Writing a dissertation is a lot like eating an elephant – you have to do it one bite at time. I know I’ve probably said that here before, but it helps to keep reminding myself of its truth. The dis is huge and terrifying at times. When people ask me how my writing is going, my first inclination is always to mumble and run away. Because it’s not going well. It never is, because “going well” means it’s done.
When I’m staring at my elephant and feeling overwhelmed I turn to “dis hack” blogs for advice and commiseration. I read one somewhere that advised doctoral candidates to resist the urge to write linearly. Instead, accept that the writing process is going to be messy. Work on the sections you can, when you can, regardless of where they fit into your overall research. I tried this. I really did, but It doesn’t work for me. Waking up waiting for inspiration to strike usually means that I will be inspired to binge watch Avatar: The Last Airbender for the fifth time.

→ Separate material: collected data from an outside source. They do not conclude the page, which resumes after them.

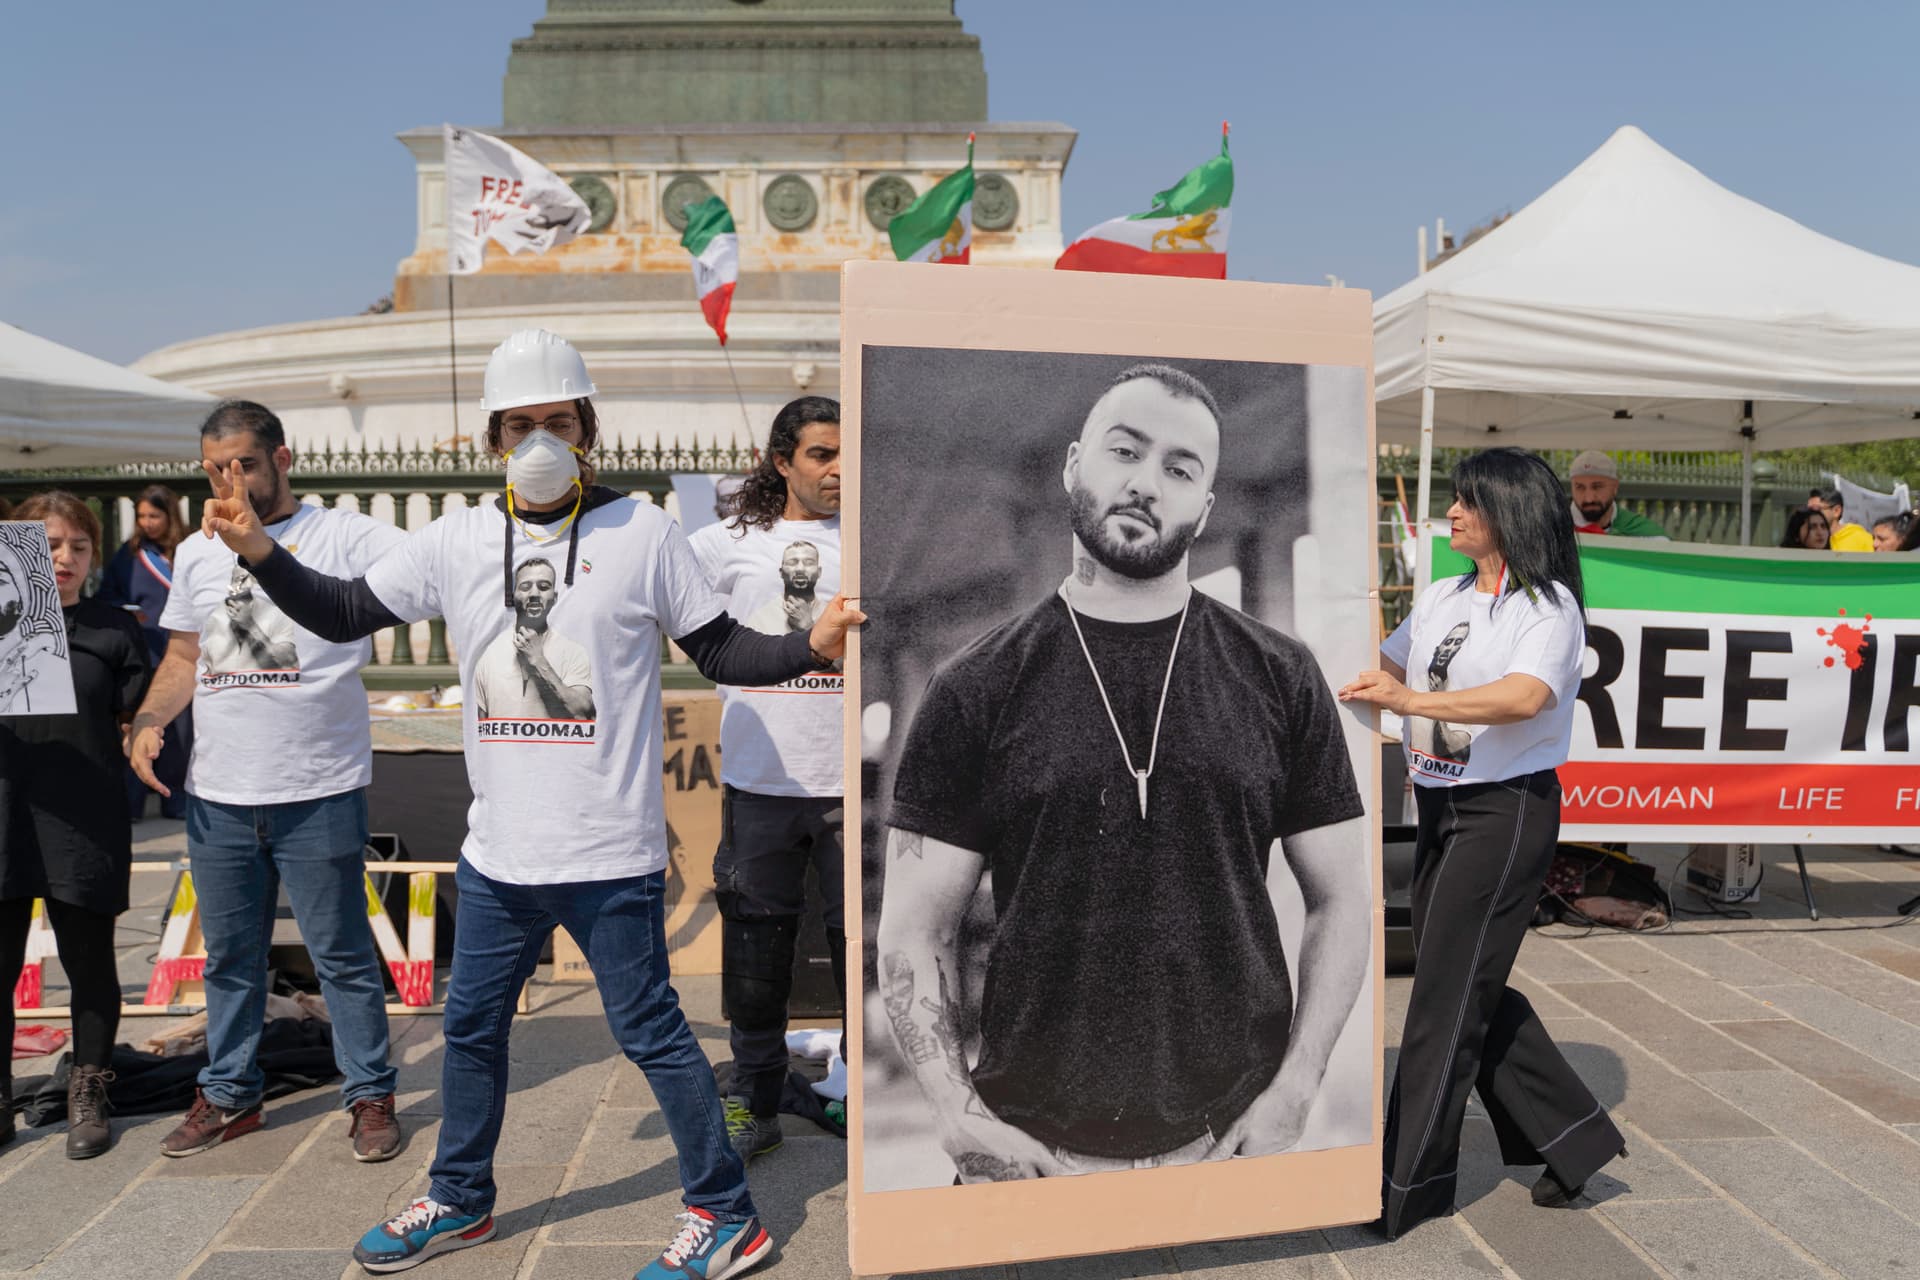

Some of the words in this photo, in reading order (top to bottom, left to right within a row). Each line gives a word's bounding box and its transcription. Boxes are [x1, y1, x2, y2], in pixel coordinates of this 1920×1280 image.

[1576, 625, 1793, 751] REE
[663, 706, 687, 741] E
[1561, 785, 1714, 809] WOMAN
[1778, 787, 1845, 810] LIFE
[1896, 788, 1920, 811] F

No. I’ve found that my process needs a map. I know a lot of young scholars in my situation will put off their introductions until they finished everything else. This is mainly because the writing process will lead to new discoveries, new directions – and you’ll just have to rewrite the introduction. I don’t care. I’ve tried to write my first chapter a few times, and I feel so adrift, directionless, without an anchoring idea. To mix a metaphor, it feels like I am writing in quicksand. This month, I have made it my goal to write my introduction. Today, I just finished the first section, and I am about to move on to the second (the lit review). This means that I will not have anything to show my advisor for some time, but at this rate I was going I was never going to even get properly started.
The introduction is a great first bite from that elephant. It’s has 4 sections, each of which will be 4-6 pages in length . Broken down, my introduction will have a brief overview of the Federal Theatre Project, a Lit Review, Methodology, and Chapter Breakdown. More than just providing me a roadmap, this method will also help to remind that I have “enough”: enough research, enough time, enough to say. The introduction gives me confidence.
My bite plan is to write the hell out each of these sections, edit, add citations and footnotes, then get to chewing the rest of the beast.